As equity and bond markets started moving down with the global credit crisis, the prices of gold soared with investors seeking safer avenues of investment.
In tandem with gold prices, the value of gold exchange traded funds have been going up in India. Even as gold hit a high of Rs 13,495 for 10 grammes on Monday, gold exchange traded funds hit their 52-week highs. There are five gold exchange traded funds from Benchmark, UTI, Kotak, Reliance and Quantum mutual funds traded on the National Stock Exchange.
“The average traded value of our fund has gone up from Rs 1 crore to Rs 2 crore a day to Rs 4 crore in the past month,” said Sanjiv Shah of Benchmark Asset Management. On Tuesday the volume touched Rs 6.4 crore and the price of their gold exchange traded fund at close was Rs 1,324.
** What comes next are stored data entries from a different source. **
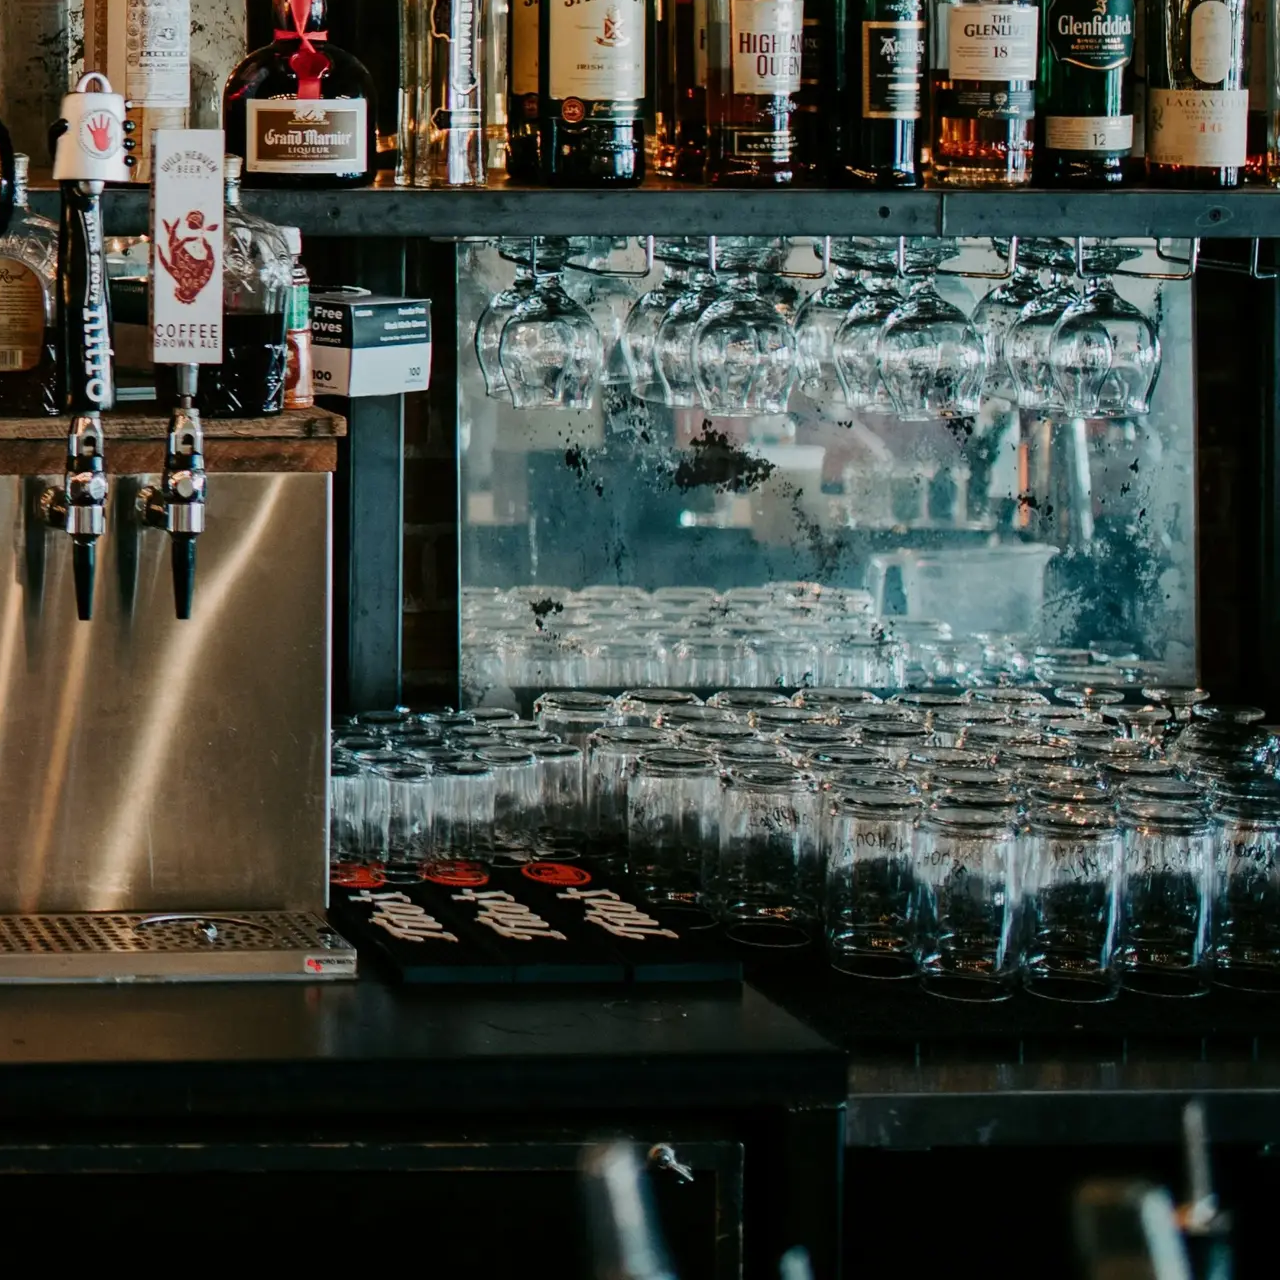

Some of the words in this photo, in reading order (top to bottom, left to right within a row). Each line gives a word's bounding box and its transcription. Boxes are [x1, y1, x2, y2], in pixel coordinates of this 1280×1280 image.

[992, 14, 1013, 24] THE
[1057, 14, 1132, 36] Glenfiddich
[992, 45, 1009, 59] 18
[576, 63, 604, 71] IRISH
[756, 54, 800, 78] QUEEN
[264, 129, 302, 146] Grand
[302, 129, 353, 147] Marnier
[1091, 132, 1107, 146] 12
[287, 146, 330, 154] LIQUEUR
[160, 152, 183, 174] WILD
[184, 150, 220, 174] HEAVEN
[176, 164, 202, 174] BEER
[313, 306, 343, 320] Free
[155, 323, 219, 339] COFFEE
[155, 338, 197, 349] BROWN
[200, 338, 219, 349] ALE
[315, 336, 342, 344] contact
[312, 369, 333, 381] 100
[408, 366, 422, 376] 100
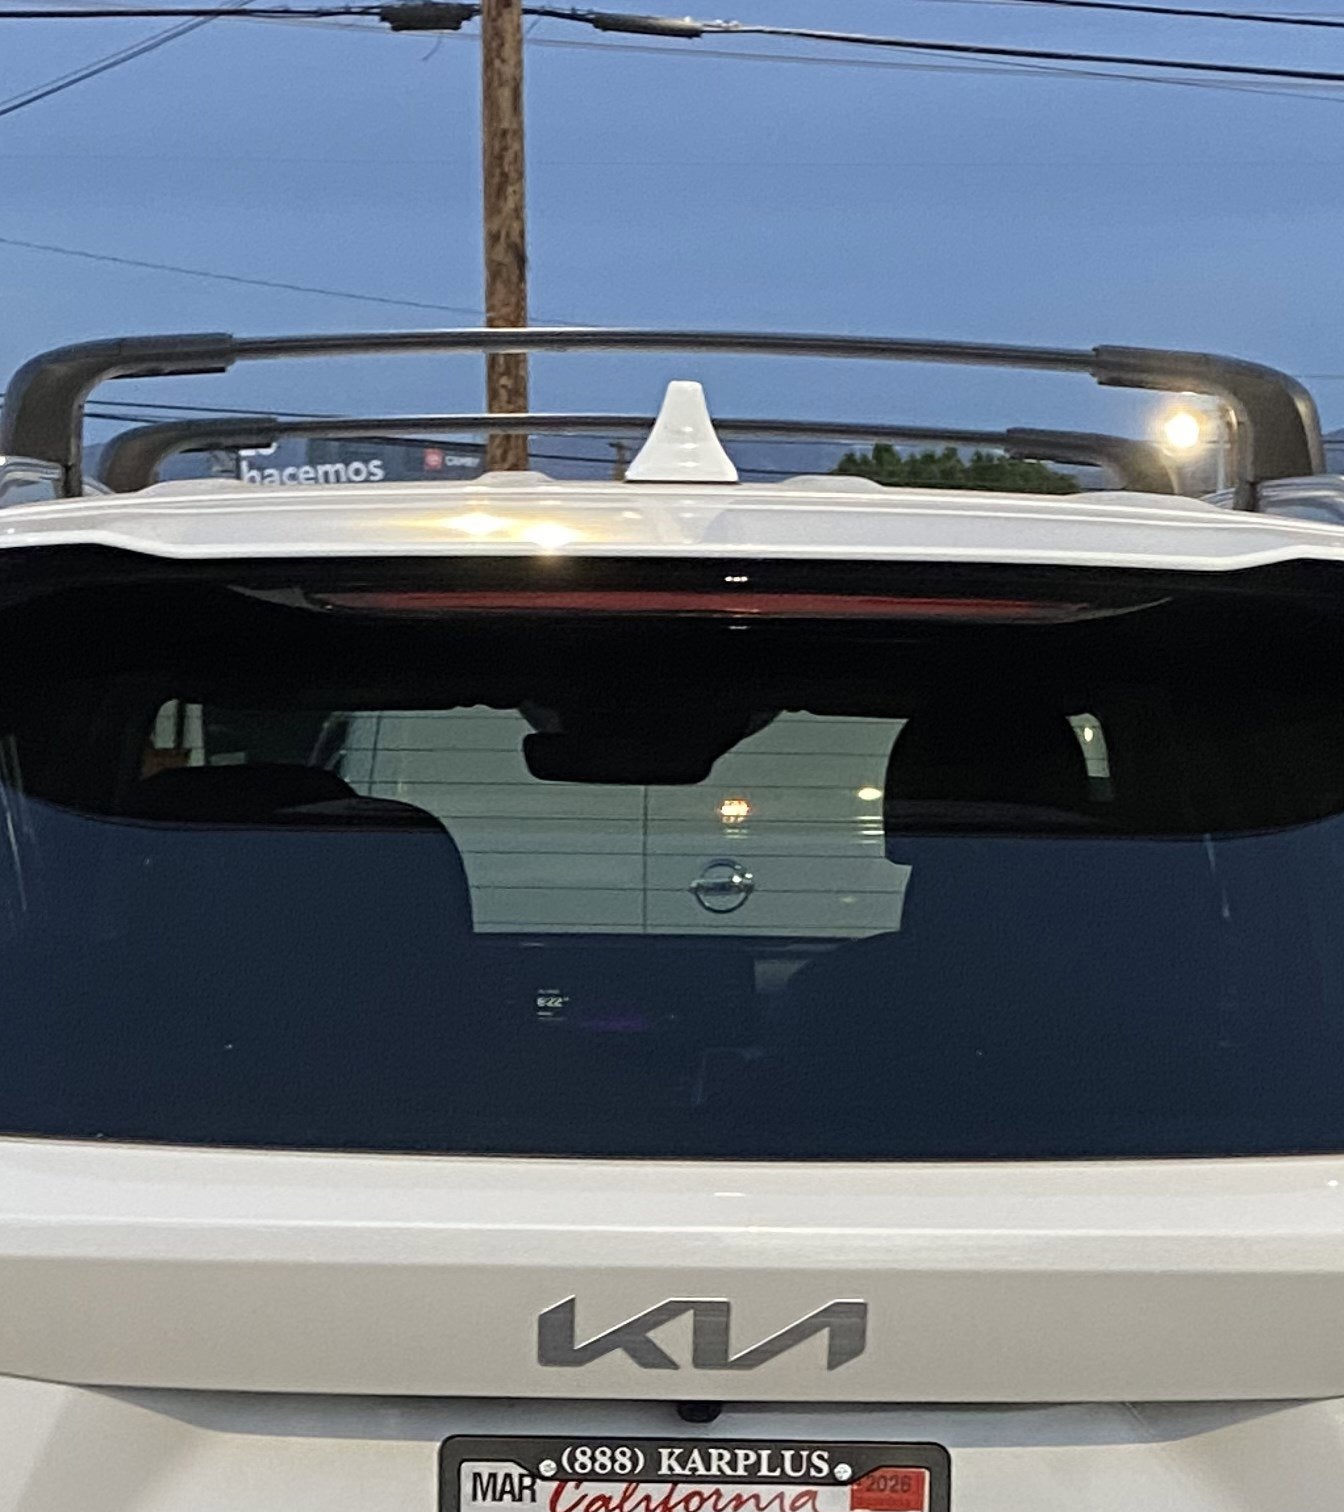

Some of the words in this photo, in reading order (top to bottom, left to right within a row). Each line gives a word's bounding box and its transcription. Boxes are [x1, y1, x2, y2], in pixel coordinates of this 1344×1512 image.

[239, 458, 386, 485] hacemos
[561, 1446, 645, 1475] (888)
[658, 1448, 830, 1478] KARPLUS
[471, 1472, 537, 1503] MAR
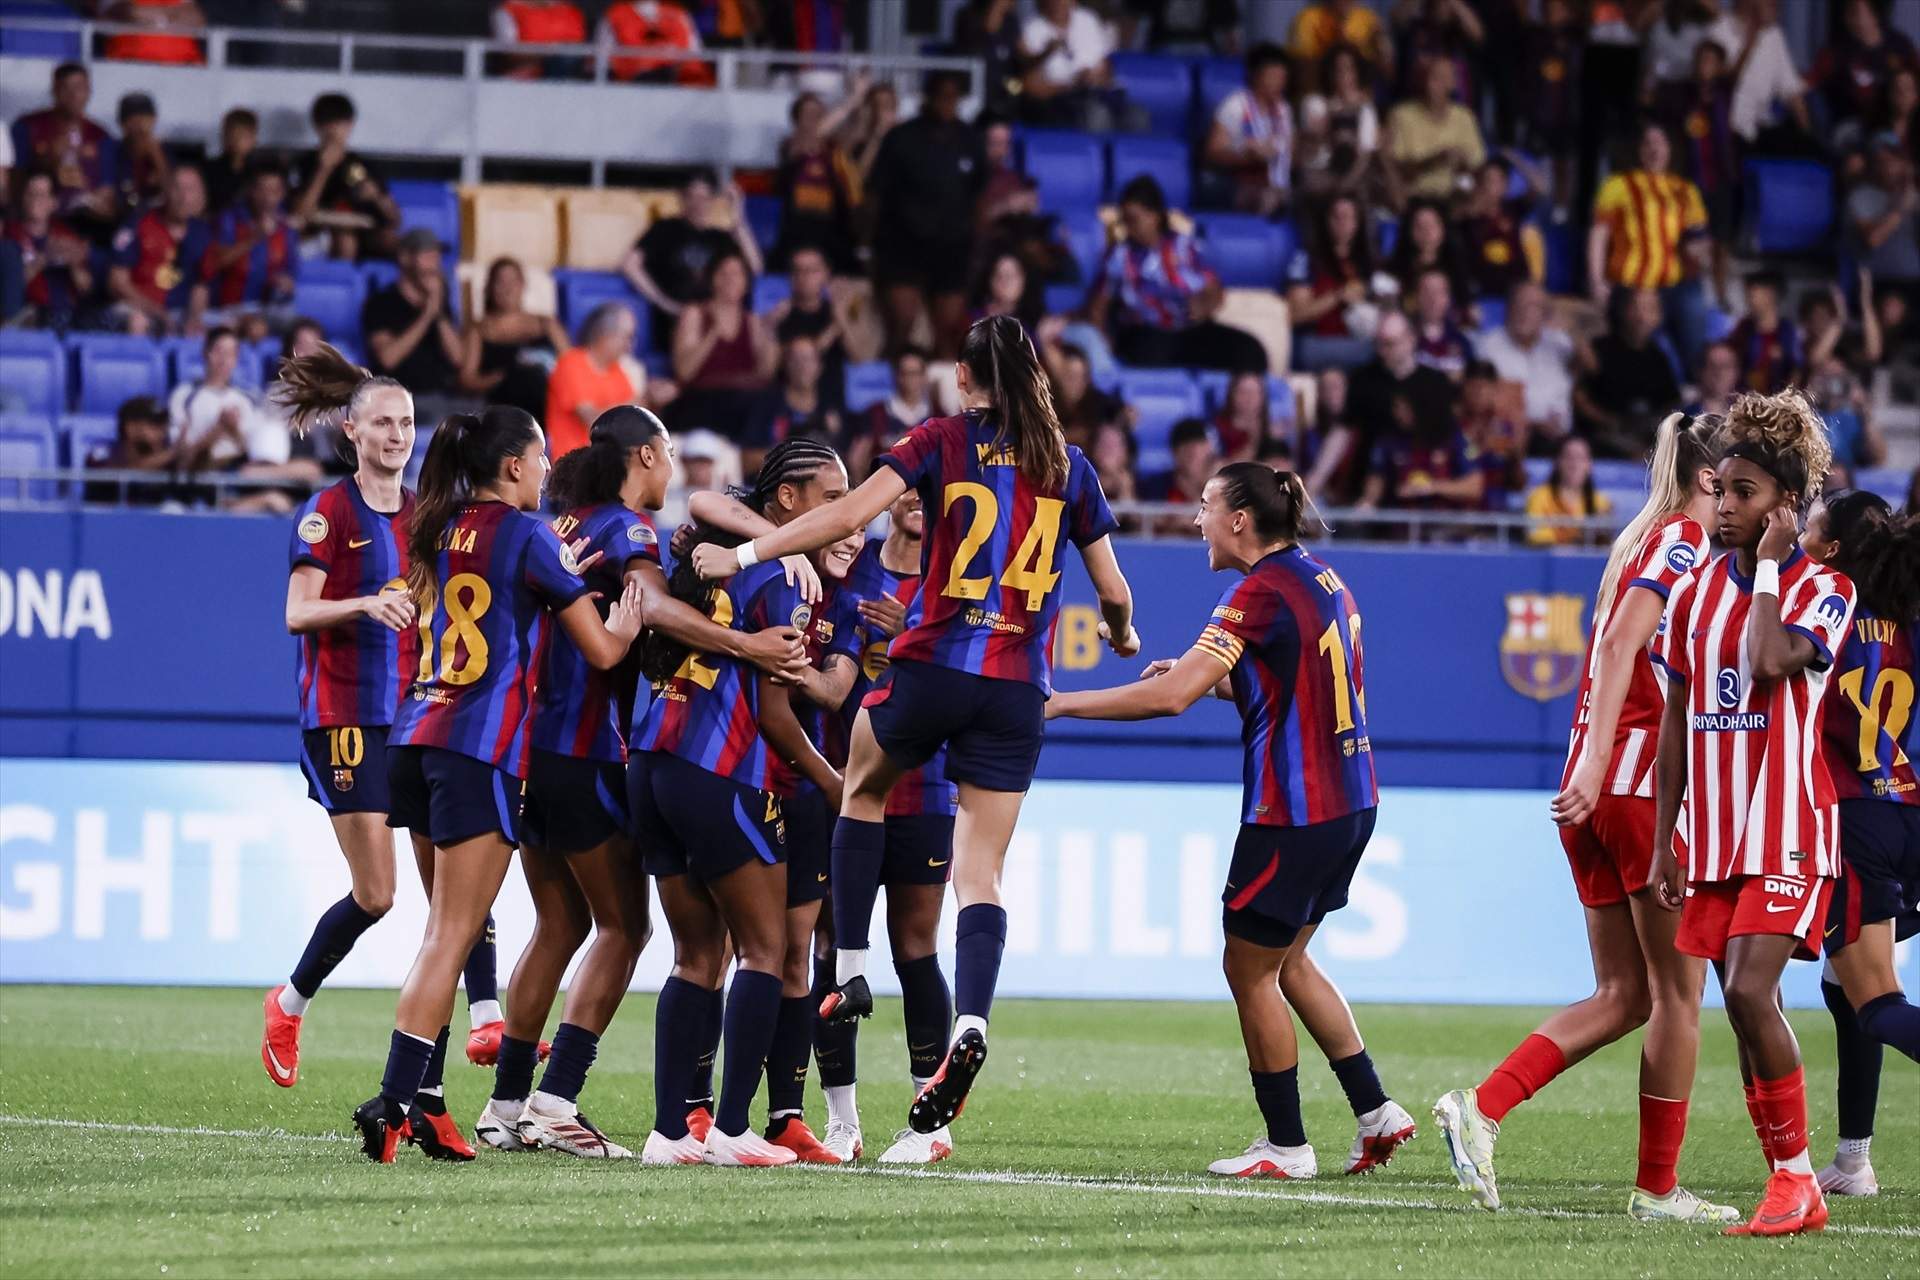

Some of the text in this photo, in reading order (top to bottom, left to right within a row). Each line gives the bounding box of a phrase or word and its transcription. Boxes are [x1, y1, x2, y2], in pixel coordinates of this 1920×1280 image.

[941, 481, 1066, 612] 24
[416, 572, 492, 686] 18
[326, 727, 364, 768] 10
[0, 803, 274, 942] GHT
[1764, 879, 1805, 900] DKV
Gold exchange traded funds allow customers to hold gold in the form of units that can be bought and sold on the stock exchange. Gold exchange traded funds that collect money from investors holds gold in physical form, equivalent to the value of the investment. The underlying gold benchmark asset management company holdings have gone up to 1.5 tonnes from 1 tonne at the time of the fund launch. UTI’s fund had collected Rs 140 crore at the time of launch and held 1.3 tonnes of gold.
But awareness about investment in gold through funds is still low, admits the person in charge of marketing these funds at one of the leading asset management companies. “As an asset, gold will lend stability to the portfolio, if not appreciate. We are trying to popularise the product,” he said.